(Beginning of Recorded data)

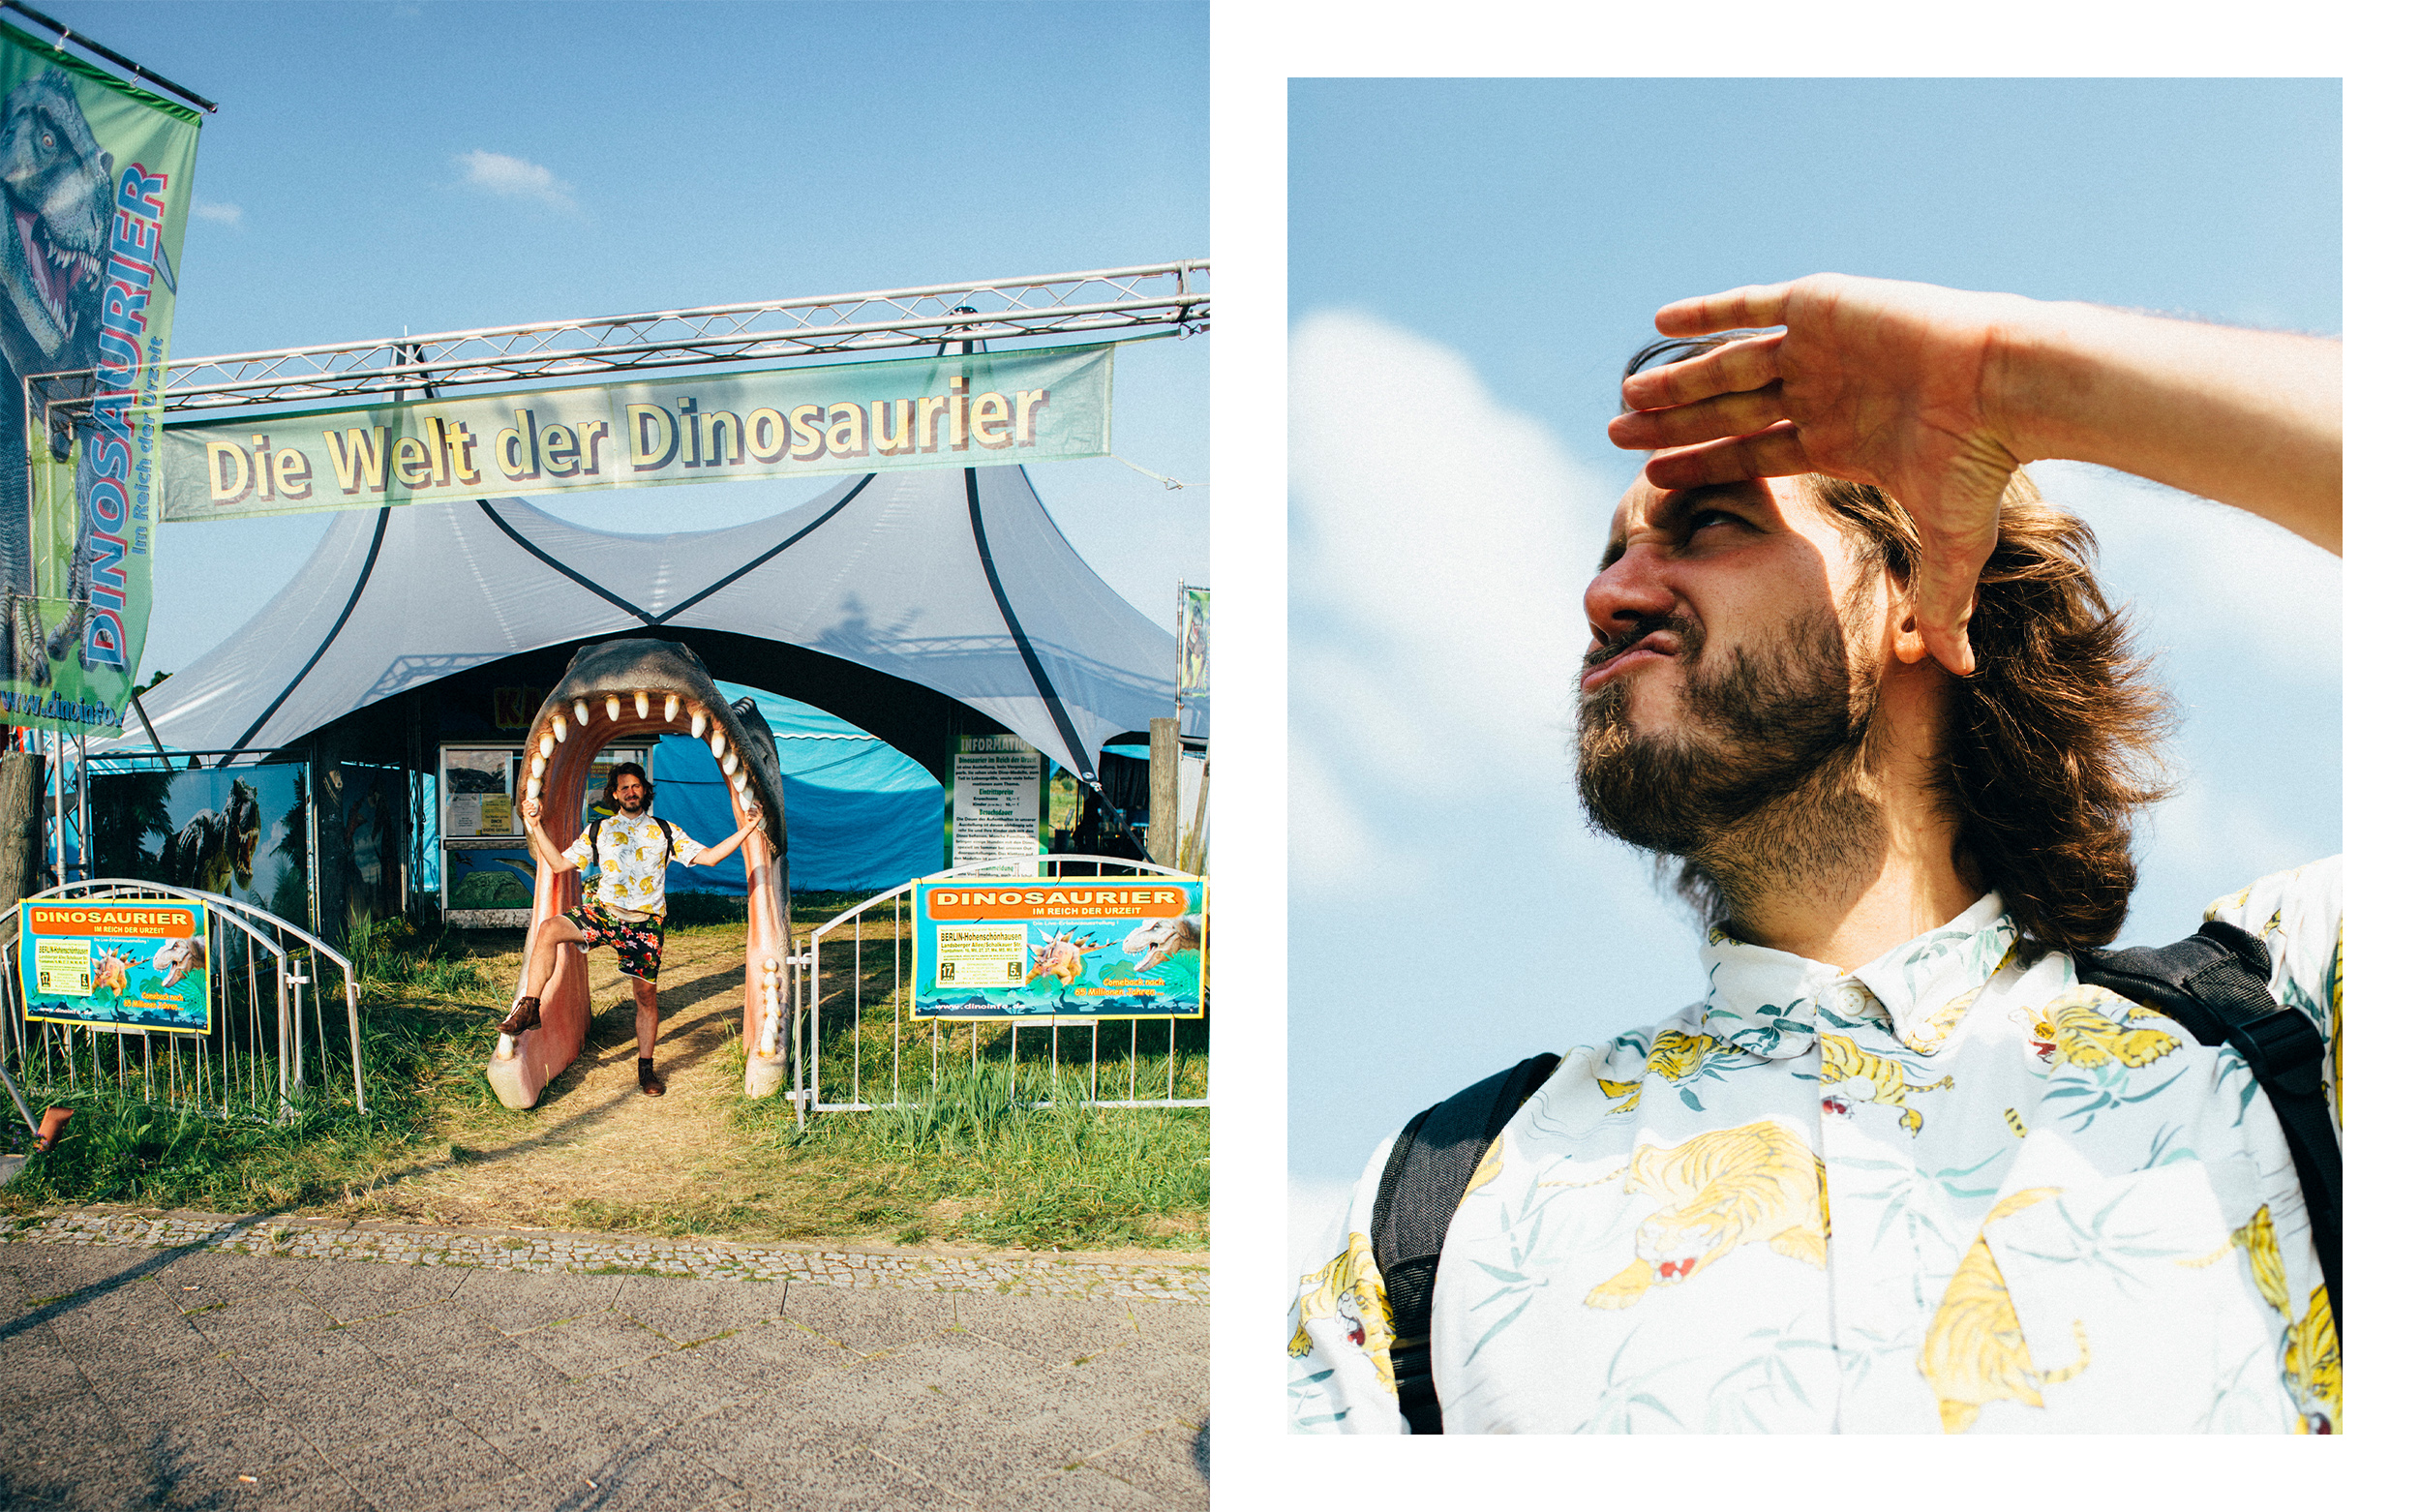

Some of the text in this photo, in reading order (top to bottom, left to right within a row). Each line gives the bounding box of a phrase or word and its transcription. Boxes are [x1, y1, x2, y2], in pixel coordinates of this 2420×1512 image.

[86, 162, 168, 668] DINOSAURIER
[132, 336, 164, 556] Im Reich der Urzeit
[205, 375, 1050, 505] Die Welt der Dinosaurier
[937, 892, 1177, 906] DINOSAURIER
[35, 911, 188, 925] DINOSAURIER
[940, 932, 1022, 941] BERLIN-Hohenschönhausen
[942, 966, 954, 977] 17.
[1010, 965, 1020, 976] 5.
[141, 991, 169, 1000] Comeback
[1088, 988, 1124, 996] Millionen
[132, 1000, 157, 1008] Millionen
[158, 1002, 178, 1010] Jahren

(End of Recorded data)

Instructions for the task →
Give every entry again as it is, dropping its pictures.

Output for this exercise →
Some of the text in this photo, in reading order (top to bottom, left to right within a row). Each line gives the bounding box of a phrase or word and its transcription. Boxes are [x1, y1, x2, y2], in pixel coordinates of this 2420×1512 image.

[86, 162, 168, 668] DINOSAURIER
[132, 336, 164, 556] Im Reich der Urzeit
[205, 375, 1050, 505] Die Welt der Dinosaurier
[937, 892, 1177, 906] DINOSAURIER
[35, 911, 188, 925] DINOSAURIER
[940, 932, 1022, 941] BERLIN-Hohenschönhausen
[942, 966, 954, 977] 17.
[1010, 965, 1020, 976] 5.
[141, 991, 169, 1000] Comeback
[1088, 988, 1124, 996] Millionen
[132, 1000, 157, 1008] Millionen
[158, 1002, 178, 1010] Jahren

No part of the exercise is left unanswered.